• _Records supplied_:
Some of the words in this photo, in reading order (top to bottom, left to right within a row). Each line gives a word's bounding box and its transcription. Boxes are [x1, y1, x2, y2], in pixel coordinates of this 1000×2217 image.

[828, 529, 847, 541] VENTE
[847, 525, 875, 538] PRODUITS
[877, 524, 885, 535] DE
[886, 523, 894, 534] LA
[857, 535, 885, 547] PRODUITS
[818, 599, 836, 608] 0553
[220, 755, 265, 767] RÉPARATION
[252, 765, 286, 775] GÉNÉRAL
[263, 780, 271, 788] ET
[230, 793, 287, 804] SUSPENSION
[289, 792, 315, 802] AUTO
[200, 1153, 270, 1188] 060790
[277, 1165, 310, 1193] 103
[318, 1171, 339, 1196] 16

• _What is expected_:
All of the data, from the first line to the last, should be written out exactly.

• _Finished exercise_:
Some of the words in this photo, in reading order (top to bottom, left to right within a row). Each line gives a word's bounding box and its transcription. Boxes are [x1, y1, x2, y2], in pixel coordinates of this 1000×2217 image.

[828, 529, 847, 541] VENTE
[847, 525, 875, 538] PRODUITS
[877, 524, 885, 535] DE
[886, 523, 894, 534] LA
[857, 535, 885, 547] PRODUITS
[818, 599, 836, 608] 0553
[220, 755, 265, 767] RÉPARATION
[252, 765, 286, 775] GÉNÉRAL
[263, 780, 271, 788] ET
[230, 793, 287, 804] SUSPENSION
[289, 792, 315, 802] AUTO
[200, 1153, 270, 1188] 060790
[277, 1165, 310, 1193] 103
[318, 1171, 339, 1196] 16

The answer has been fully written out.